This is going to be an interesting aquascape when you're done, nice work.

I take it you intend to add more plants. That being the case, a few of the other fish added after the additional plants (same time is OK) should be no problem. Maybe the 2 guppies, wait a couple days, then the 2 platy, etc. There needs to be adequate plant growth to handle the ammonia and this seems the safer way.

One suggestion for plants, on the assumption that your water is naturally on the basic (alkaline) side of pH 7 (i.e., above 7.0) a very good plant is Vallisneria. It grows fast, especially in harder water because it can use carbon from carbonates much better than many of the other standard plants. As algae can do the same, plants like Vallisneria are great in basic/alkaline tanks at the start since they compete against algae for the nutrients and usually win which is critical in a new setup. You can usually find these plants (there are several different species) in fish stores from time to time. They have long leaves arising from the crown, sometimes straight and sometimes curled; for info I'm attaching a photo of two species, left photo is Vallisneria americana (commonly called corkscrew val) and right photo is V. spiralis (straight val). I think these could fit in with your design rather well.

Byron.


----------



## Big Fish (Aug 22, 2009)

Yes, I will definitly be adding more plants. These look good, I will look for them. Right now, time is a bad factor. I have non. I want to get more plants in ASAP. Another really busy week! PH is 7.6 I blieve. I may have posted it somewhere.

I am getting Algae happening. I see it on the back glass.

Also, what is the stringy things growing from the leaves of the plants I put in?


----------



## Big Fish (Aug 22, 2009)

Help!

Algae is out of control!!!

Suggestions?

I thought I could fight this off but I have clearly lost control...


----------



## Byron (Mar 7, 2009)

Big Fish said:


> Help!
> 
> Algae is out of control!!!
> 
> ...


I'll have to read back through this thread to familiarize myself again with your setup, but in the interim can you identify the algae? Like, brown algae on plant leaves, rocks, tank glass? Or green algae on same? Or green "slime" that rubs off on your fingers? Or...whatever. Some of these are common, some more problematical. But we need to know exactly what it is. A photo of the algae would help. When I have this, and have re-read the thread, I'll respond further.

Byron.


----------



## Big Fish (Aug 22, 2009)

The algae is very stringy and very strong and it is attached to the leaf of the plant. I had to tug at it pretty good to remove it. It is also green in colour. This stuff does not rub off on your fingers. It looks like hair in the beginning, then gets thicker and greener.

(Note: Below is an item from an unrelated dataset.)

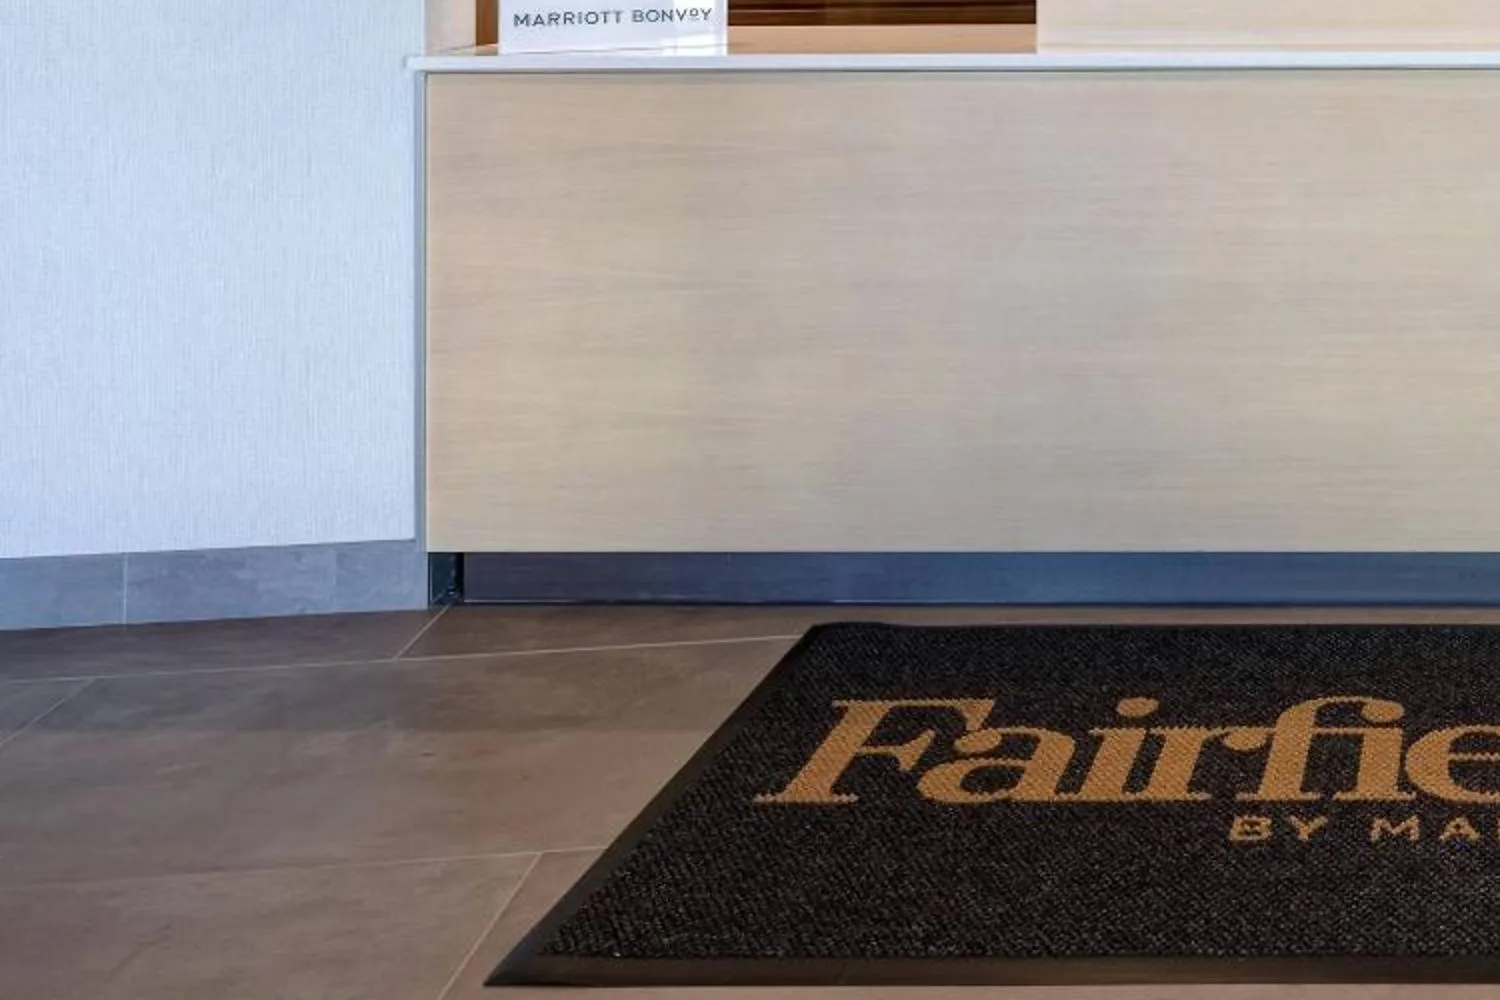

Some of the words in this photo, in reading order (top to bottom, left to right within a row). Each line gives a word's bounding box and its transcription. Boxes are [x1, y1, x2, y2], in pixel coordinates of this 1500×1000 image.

[513, 10, 623, 27] MARRIOTT
[631, 7, 712, 24] BONVOY
[1228, 815, 1328, 842] BY

The stuff on the glass is also green, and is typical and similar to what I had in the 10g, when it bloomed there for a few days. That went away with pwc. This one is just getting worse.

See the pictures in Post #30, it is really obvious on the one plant. This is in the very early stages.


----------



## Byron (Mar 7, 2009)

Big Fish said:


> The algae is very stringy and very strong and it is attached to the leaf of the plant. I had to tug at it pretty good to remove it. It is also green in colour. This stuff does not rub off on your fingers. It looks like hair in the beginning, then gets thicker and greener.
> 
> The stuff on the glass is also green, and is typical and similar to what I had in the 10g, when it bloomed there for a few days. That went away with pwc. This one is just getting worse.
> 
> See the pictures in Post #30, it is really obvious on the one plant. This is in the very early stages.


I've never seen anything like that in my tanks, not that I can recognize anyway from the photo. Here's a link to some good info on algae that may help. PG: Algae - An Overview - PlantGeek.net

This is a fairly new tank, and few plants yet. Nutrients are probably unsettled as is common in newer tanks. What's the light schedule (hours on daily) and are any fertilizers being added?

B.


----------



## Big Fish (Aug 22, 2009)

Fertilizer? YES API stuff. I bought a bottle to help the plants, I couldn't find the one you recommended, but this is not the cause.

Only added it once. The algae was already forming then.

Spot Algae on glass is certain. Snails are working on that.

The stuff flowing off the leaves of the plant look like Thread Algae. The length of it makes me think this.

Lights: 12 hours as you suggested.

Will this harm the fish!??

Glass Scraper Question:
I have a plexi 10g tank. I use a magnet to clean the inside of the glass by sliding it up and down. When I bought it, it said for plexi tanks.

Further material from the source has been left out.